In the fall of 2006, Absynthe came under fire after a contributor published an article linking obesity to laziness.  There was significant controversy in the Trent community over the article. Editor-in-Chief Matt McGowan supported the decision of the Soliciting Editor, Rheanna Leckie, to run the piece, noting that the magazine accepts submissions from all students and, only in rare circumstances, censors or turns away contributions.
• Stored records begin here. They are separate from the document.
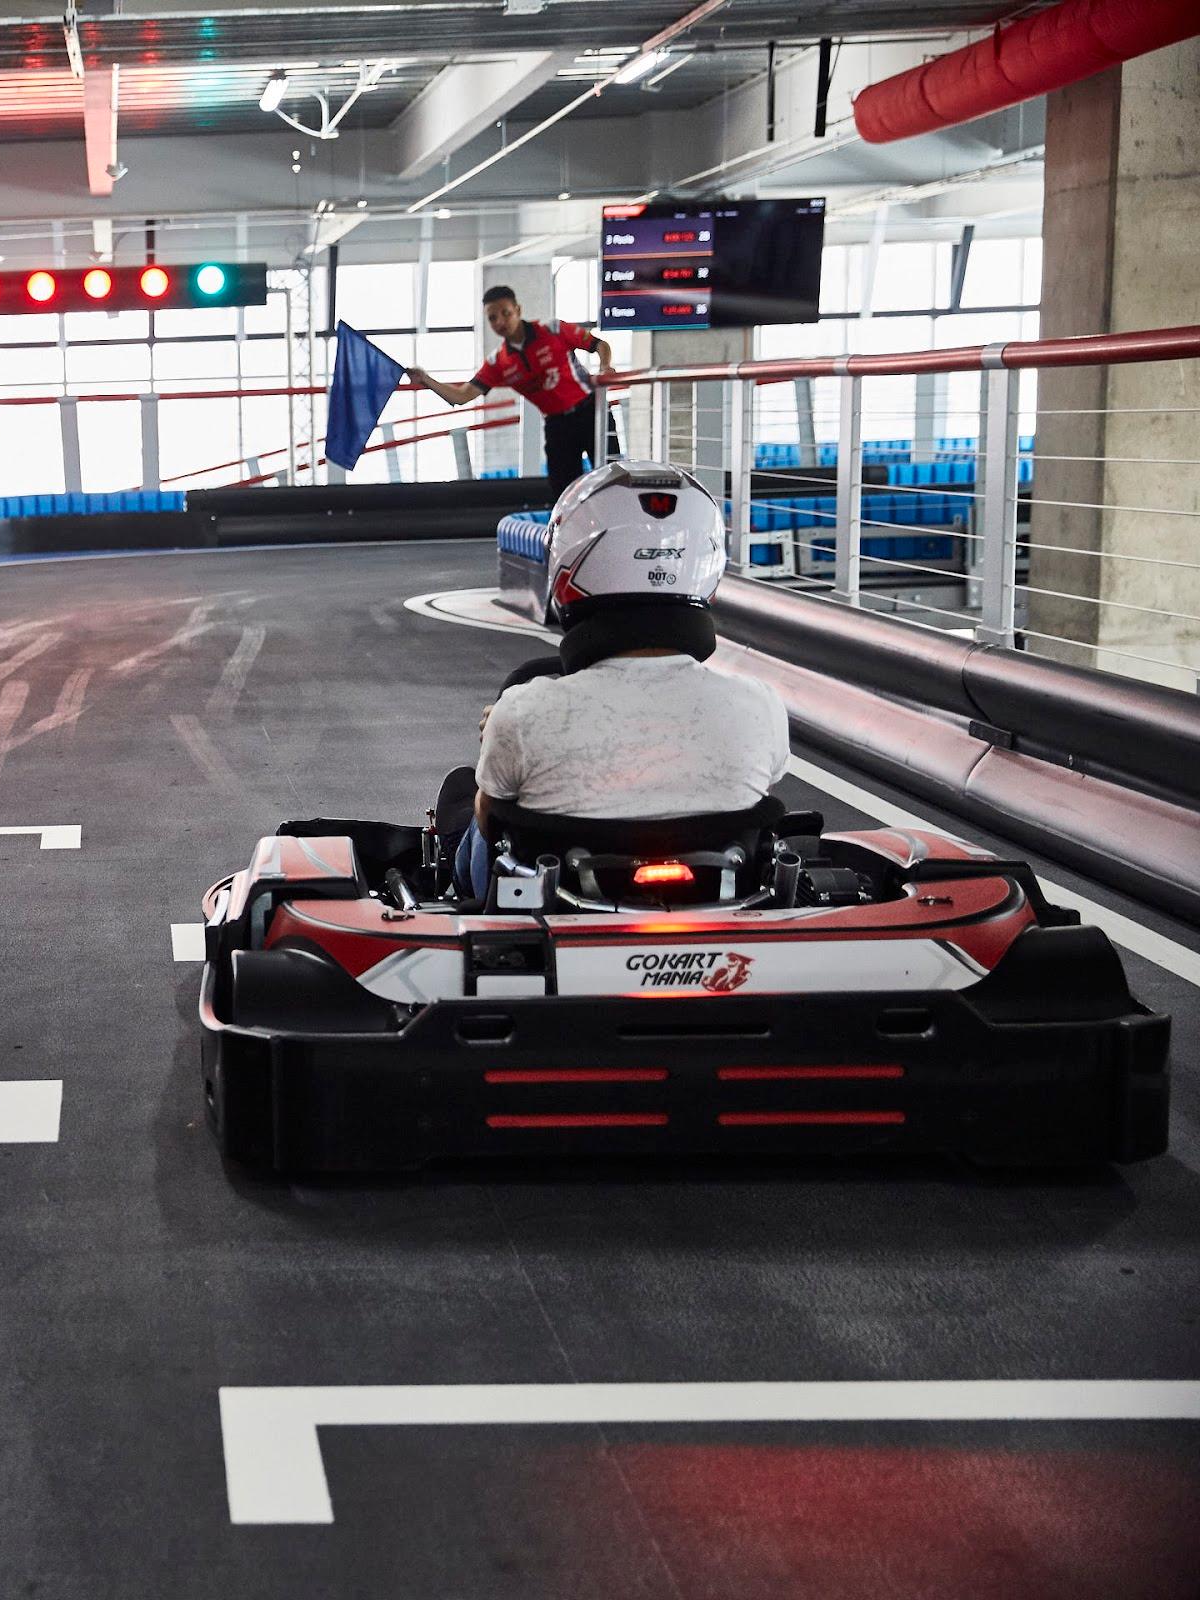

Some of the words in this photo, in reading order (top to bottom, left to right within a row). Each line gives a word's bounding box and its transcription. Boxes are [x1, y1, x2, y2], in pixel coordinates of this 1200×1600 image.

[650, 496, 670, 511] M
[633, 548, 685, 560] GPX
[648, 571, 667, 581] DOT
[626, 952, 723, 971] GOKART
[641, 970, 704, 986] MANIA
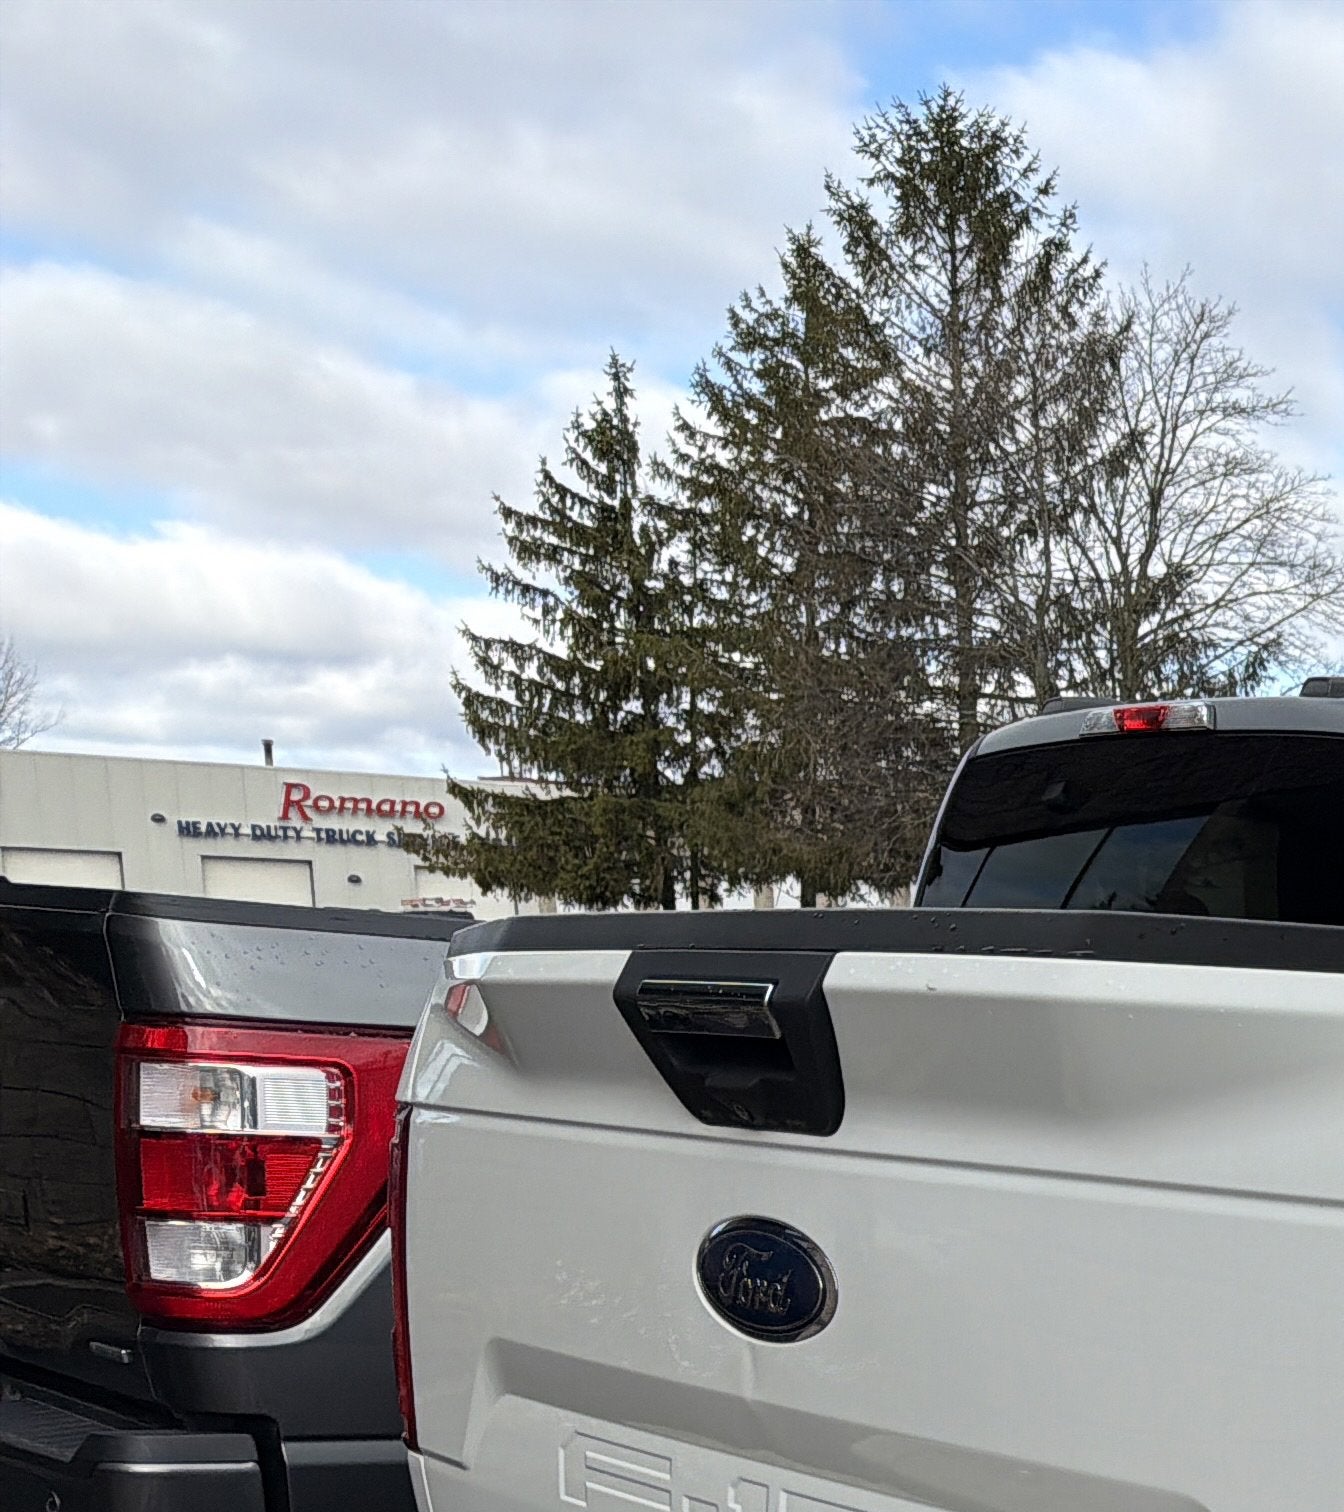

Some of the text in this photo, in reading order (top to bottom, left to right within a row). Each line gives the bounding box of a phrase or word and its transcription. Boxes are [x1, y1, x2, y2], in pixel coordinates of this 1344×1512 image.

[279, 781, 445, 822] Romano
[177, 820, 241, 838] HEAVY
[251, 824, 303, 842] DUTY
[312, 827, 378, 846] TRUCK
[718, 1243, 791, 1313] Ford
He also offered a guarantee that critical responses to either the piece or the Absynthe's decision to run it, would be published in subsequent editions, which was fulfilled.

In its ninth volume, 2007-2008, Editor-in-Chief Jeffrey Charters and President Joe Wood authorized a fundamental format change. The looseleaf newsprint format, used since Absynthe's founding was changed to a bound, full-colour, cover magazine format.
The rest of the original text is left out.